Im ersten Akt steht Regierungsrat Häfliger teilweise halbnackt und im Latex-Kostüm auf der Bühne. Doch Raphi Spuler sagt, es habe ihn kaum Überwindung gekostet, sich so vor dem Dorf zu exponieren: «Ich möchte aus jeder Rolle das Beste herausholen, und je mehr ich die Leute zum Lachen bringen kann, umso mehr Spielfreude kommt auf.» Wie aber funktionieren 21 Kleiderwechsel logistisch und unter grossem Zeitdruck? «Nicht ohne unsere gute Seele Katrin Oeschger», sagt Raphi Spuler. Die langjährige Spielerin war hinter der Bühne dafür zuständig, ihm bei jedem Kleiderwechsel die richtigen Tenüs zur richtigen Zeit bereitzuhalten und Spuler beim Umziehen zu helfen. Für den kürzesten Wechsel hatte er knapp zwanzig Sekunden Zeit, um vom Latex- ins Kellnerkostüm zu schlüpfen. «Oftmals war Katrin dabei, mir eine Fliege zu montieren, während ich gleichzeitig die Hose wechselte», so Spuler. Einen kleinen Trick verrät er an dieser Stelle: «Meine Frau hat das Hemd mit einem Klettverschluss versehen, damit das zeitraubende Öffnen und Schliessen der Knöpfe entfiel.»

«Wie eine Familie»: Raphael Spuler (l.), «Hoteldirektor» Roman Huber und das restliche Ensemble lassen sich feiern. (Bild: is)

«Double» Stefan Meier
In einer Szene direkt zu Beginn des zweiten Akts steht Regierungsrat Häfliger sogar gleichzeitig in zwei Rollen auf der Bühne: einmal im Anzug, und einmal gefesselt und geknebelt in Latexmontur.

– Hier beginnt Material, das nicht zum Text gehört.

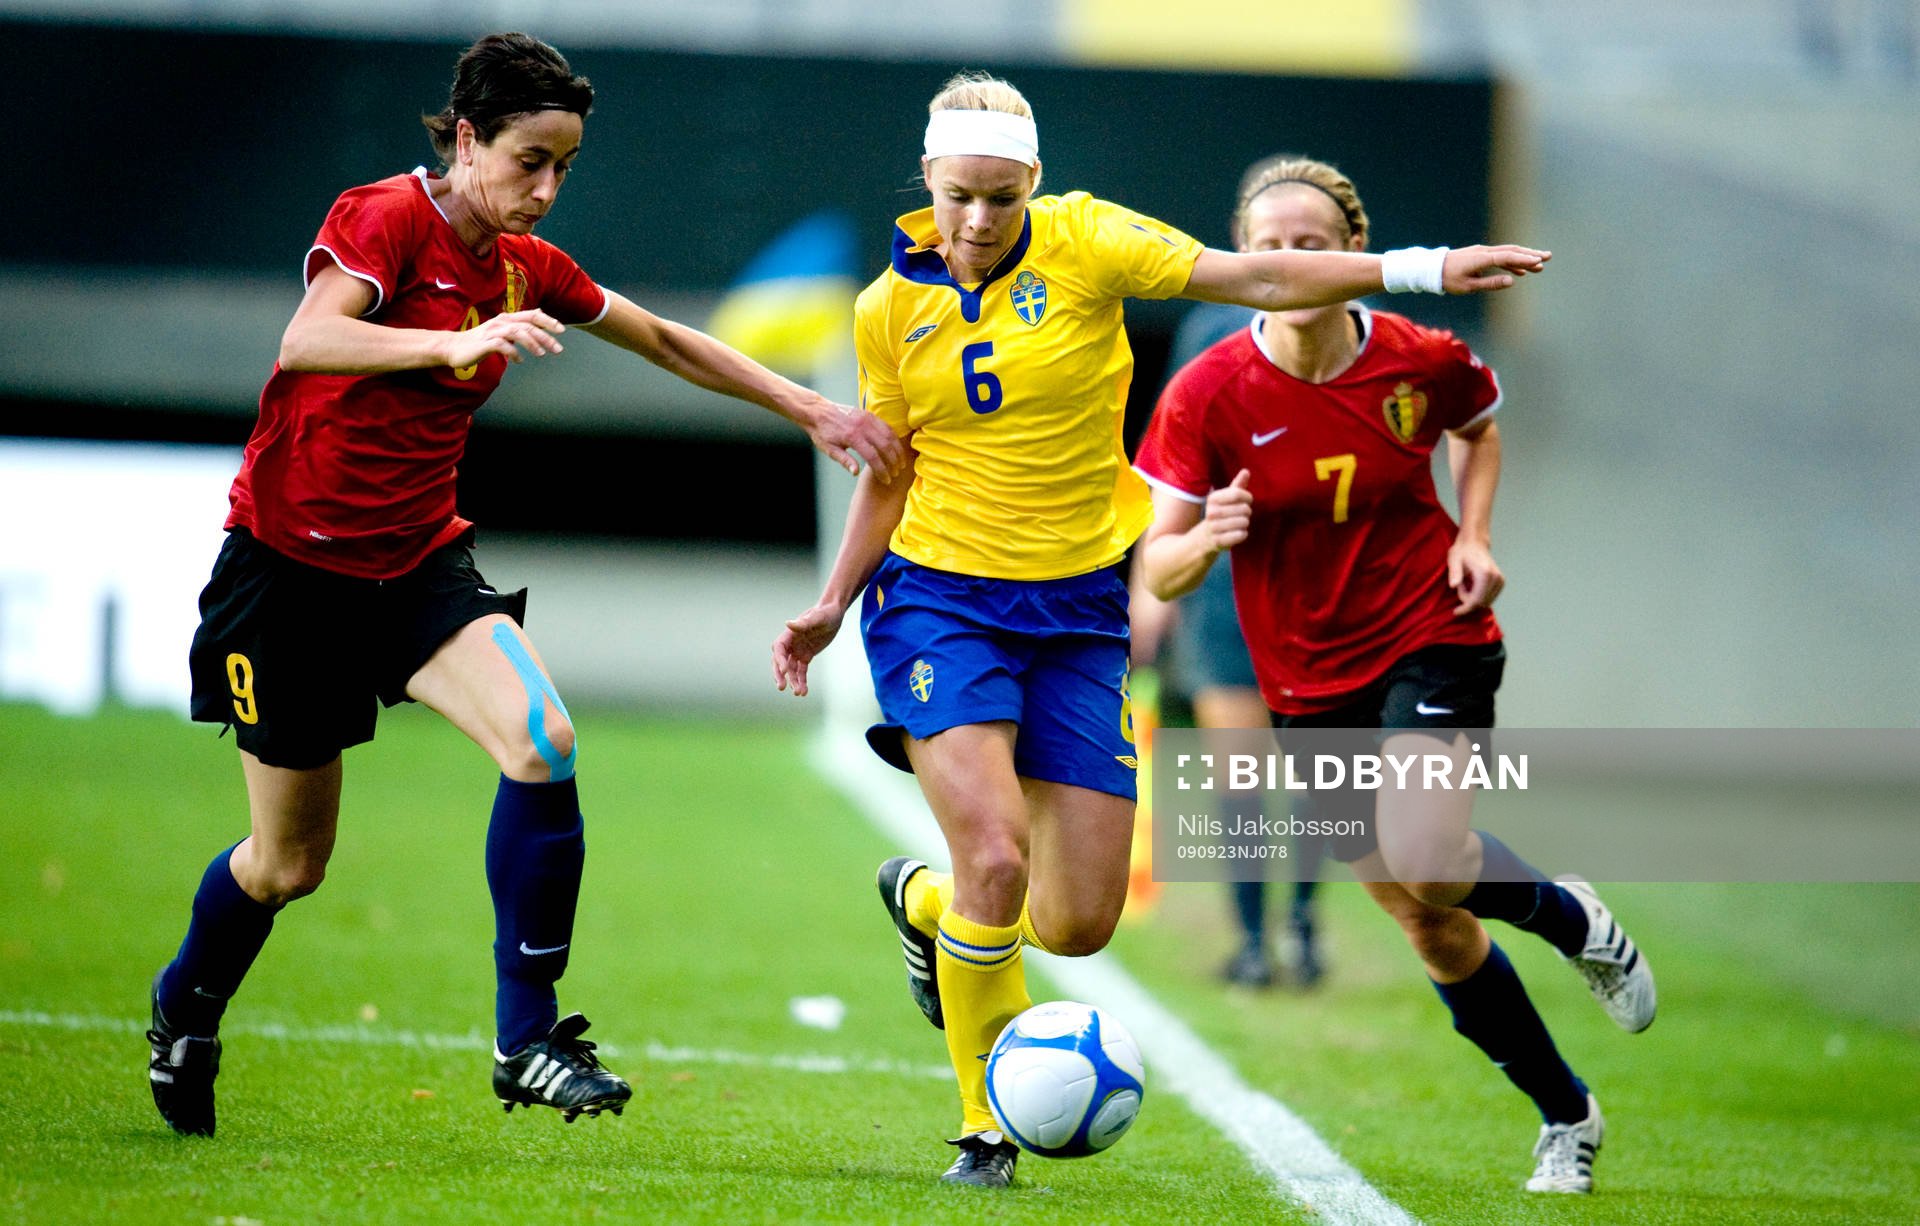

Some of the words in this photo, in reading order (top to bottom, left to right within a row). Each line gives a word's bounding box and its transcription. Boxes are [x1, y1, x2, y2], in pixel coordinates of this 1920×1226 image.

[963, 341, 1001, 414] 6
[1314, 453, 1358, 524] 7
[226, 652, 258, 724] 9
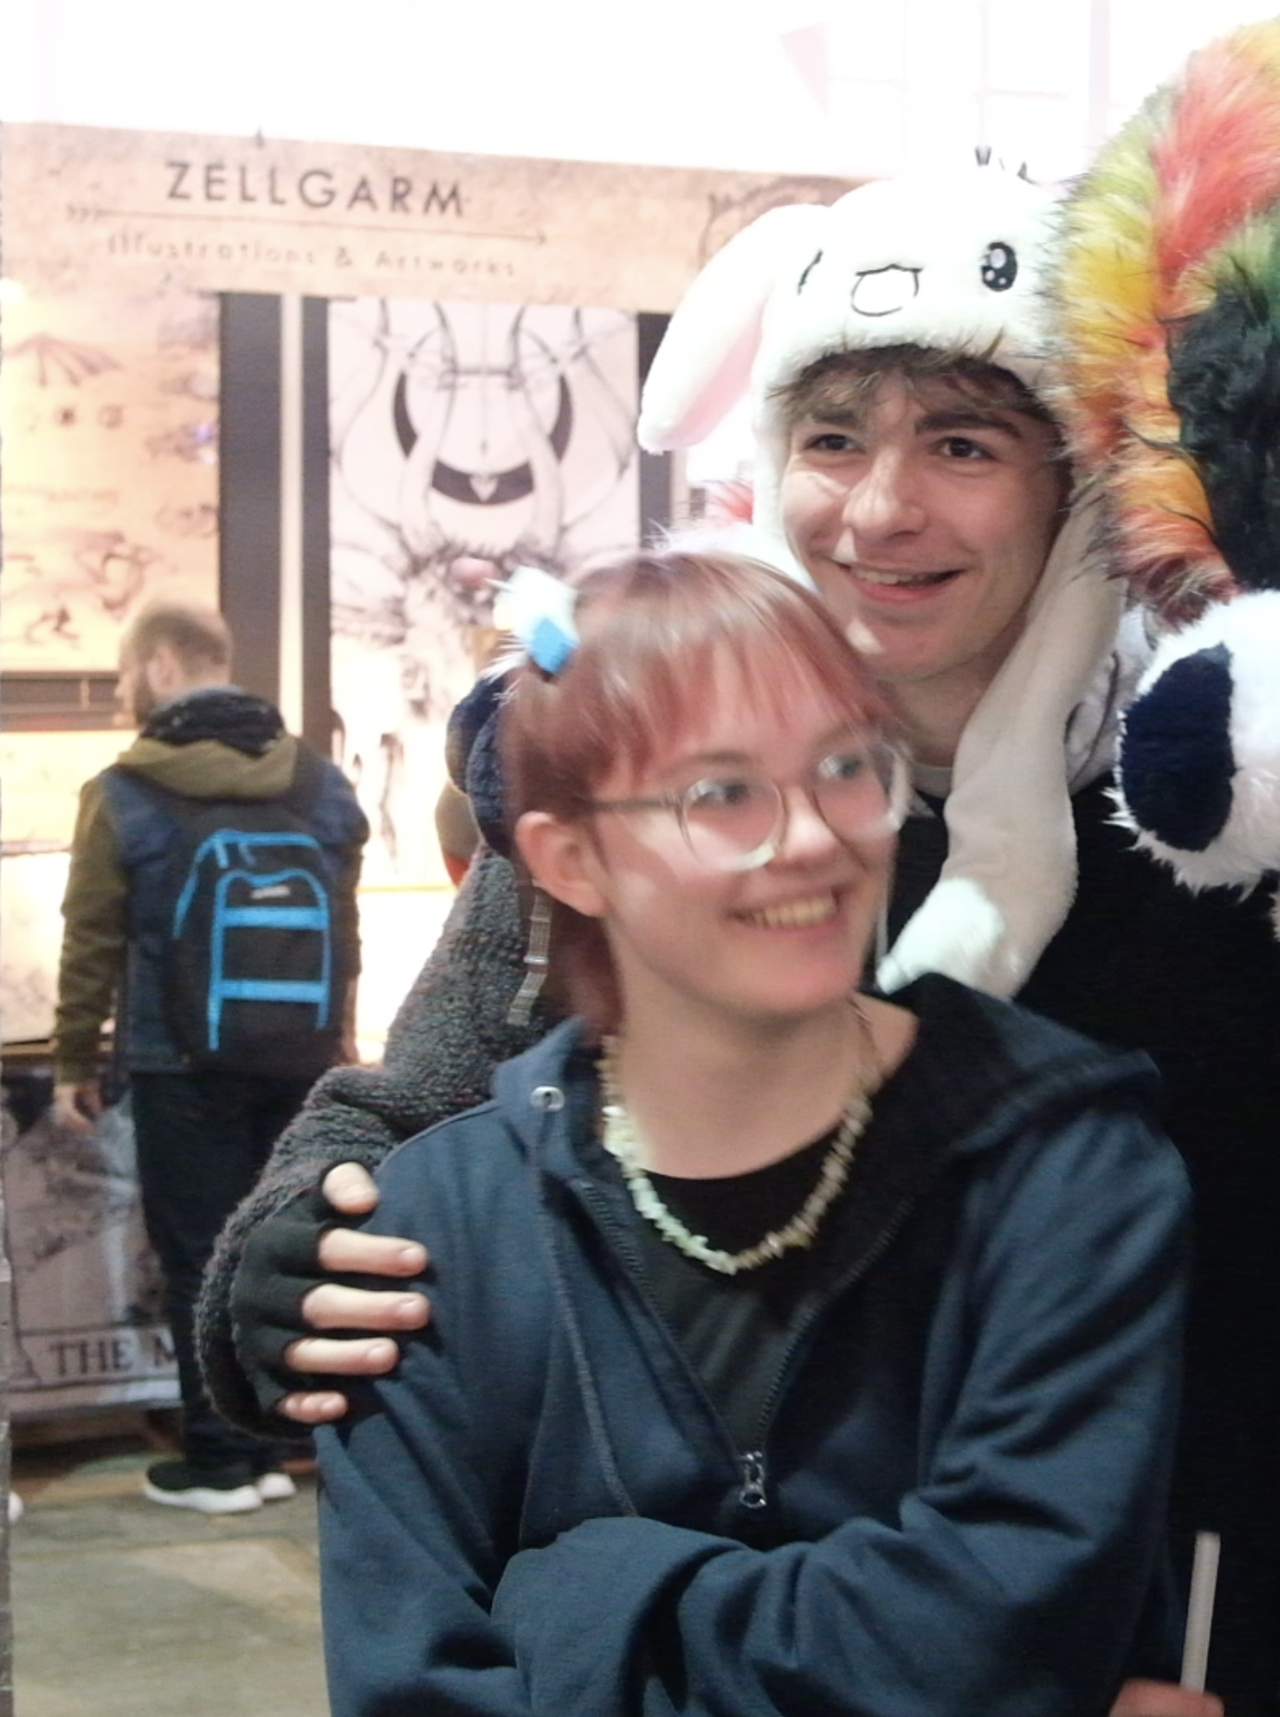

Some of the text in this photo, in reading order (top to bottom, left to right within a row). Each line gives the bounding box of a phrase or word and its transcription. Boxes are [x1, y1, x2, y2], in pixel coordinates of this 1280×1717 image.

Der vermummte Häfliger, der nur unverständlich murmeln kann, wird von Spulers Double Stefan Meier gemimt. Auch dieser «wortlose» Part stellte hohe Anforderungen an den Darsteller, «obwohl es eigentlich pure Talentverschwendung ist», stellte Regisseur Brauchli bei der Vorstellung der einzelnen Darsteller fest. Besonders hob er auch «Hotel­direktor» Roman Huber hervor: «Ich sah ihn in einem anderen Theater und wollte ihn unbedingt haben!» In weiteren Rollen spielten Melanie Dubach (Domina), Cornelia Eichler (Journalistin), Gabi Meier (Frau des Regierungsrats) und Pascal Fasel (russischer Geschäftsmann).

Auch Hauptdarsteller Raphael Spuler liegt viel daran, dass das ganze Team gewürdigt wird, von der Souffleuse und den Bühnenbauern zu den Maskenbildnerinnen bis zum Gastroteam in der Küche und an der Bar: «Eine gelungene Theatervorstellung hängt immer von allen Beteiligten ab. Und wir sind wie eine grosse Familie», betont der Hauptdarsteller.

Der Zusammenhalt aller Beteiligten war in diesem Jahr umso wichtiger, weil die Theatergruppe erstmals nicht mehr gemeinsam mit dem Männerchor Würenlingen auftrat. Regisseur Brauchli war froh über viele Helferinnen und Helfer aus dem Familien- und Freundeskreis: «Sie alle haben zu diesem Erfolg beigetragen.»